Ed Challinor, first officer at private dentistry and medical aesthetics company Smileworks Liverpool discusses how his business became ‘cash ninjas’ after being threatened by a massive council tax bill.

Smileworks is a collective of dental professionals who came together from all over Europe with the shared aim of providing better care to patients. In less than three years we’ve grown from a standing start with only £25,000 in seed funding to turning over around £800,000 a year.

In the beginning, once we were making enough profit to invest in our first dental chair, we went to the UK Dental Show and negotiated a wonderful deal on a brand new treatment centre. Back then we’d only been in business for a year or so, and we assumed that patients would immediately start flooding through the door. I thought we’d have a wonderful list of aesthetics  patients who’d come to us for Botox and filler, and that they’d surely want dentistry too.
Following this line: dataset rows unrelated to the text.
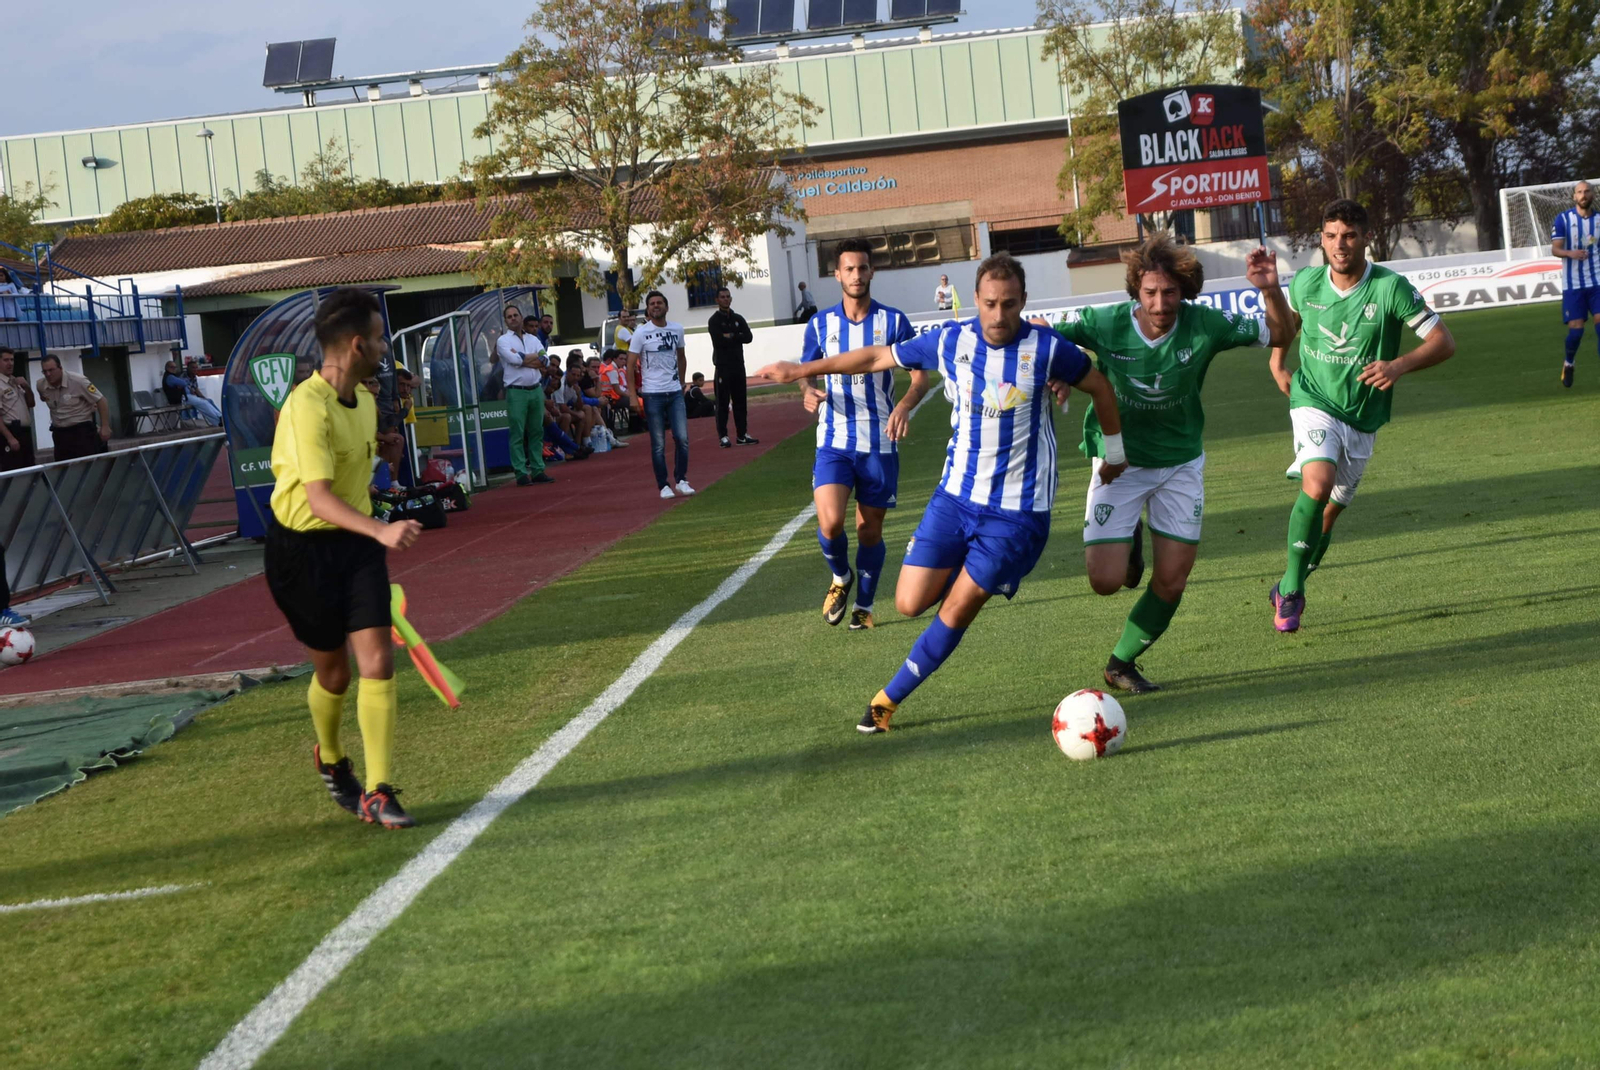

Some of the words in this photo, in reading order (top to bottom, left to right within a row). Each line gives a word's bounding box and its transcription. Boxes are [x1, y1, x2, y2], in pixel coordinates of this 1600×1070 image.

[1198, 97, 1212, 113] K
[798, 166, 867, 180] Polideportivo
[825, 176, 897, 195] Calderón
[1136, 168, 1260, 207] SPORTIUM
[1218, 193, 1234, 202] DON
[1235, 190, 1261, 200] BENITO
[1418, 271, 1441, 281] 630
[1445, 269, 1467, 278] 685
[1472, 266, 1494, 275] 345
[1433, 282, 1563, 309] BANA
[258, 358, 290, 385] CFV
[241, 462, 256, 471] C.F.
[258, 460, 272, 470] VIL
In fact, our facial aesthetics demographic is very different to our dental one. So instead of generating a huge amount of new patients almost straightaway, we had to invest even more money into new marketing campaigns to attract dental customers.

Unforeseen expenses

With a dental chair comes the increased overhead of nurses, sterilisation equipment and a whole shopping list of items we just hadn’t thought of. Soon we were in the position of barely breaking even, or even losing money on some days. Back then, the way we got out of it was simply not paying our suppliers. We explained what had happened and had a frank and open dialogue, and they were, for the most part, sympathetic. We ended up agreeing on three-month payment terms with some of the materials suppliers or sometimes to pay bigger bills off in instalments over the year.

Nobody, not even the hardest finance officer in the world, wants to see one of their suppliers fail and have to buy their equipment back, or worse get pennies on the pound in the event of insolvency. So we got through it because we addressed the problem head on. If you ignore creditors or fail to give them the whole story, they’ll panic and call in the line of credit or come back and repossess their equipment.
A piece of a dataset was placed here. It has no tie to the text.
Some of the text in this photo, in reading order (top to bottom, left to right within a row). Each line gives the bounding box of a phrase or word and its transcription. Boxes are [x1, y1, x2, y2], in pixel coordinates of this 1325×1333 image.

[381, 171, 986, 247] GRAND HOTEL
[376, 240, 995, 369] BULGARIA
Another hairy experience was when we hired a bookkeeper to help us with our chaotic accounts. This was right at the beginning; we’d only been trading for eight months or so. A mixture of poor planning and misunderstandings with the bookkeeper meant that we thought that we’d been paying our council tax, but in fact the bill had been building up and up. Because we were a new business we’d obviously been given a break by the council, but one day a massive bill arrived and we couldn’t pay it.

“It amazes me how business owners wait until they can’t pay the bills before bringing out the 13-week forecast”

We tried our best to negotiate, but they threatened to send bailiffs. Charm is a useless tactic against council officials, so we had to look inside the business and at cutting costs in other areas to survive. We also did some guerrilla marketing to increase the revenue and dig ourselves out. I actually went out into the Liverpool ONE shopping area to physically drag patients into our new practice. I look back on those times and cringe.

Mastering your cash

Now, we’re cash flow ninjas. I learned soon after suffering our first few setbacks that cash is king and that growth is the biggest killer of businesses. At the end of the day, fixing your cash flow issues is, in principle, very simple. As any business person knows: reduce costs, increase profits, get better payment terms with your payables, chase down receivables and borrow. We now know our numbers inside out. I can tell you with precision what the gross and net profit margins are on each of our activities, and I constantly work to improve those ratios.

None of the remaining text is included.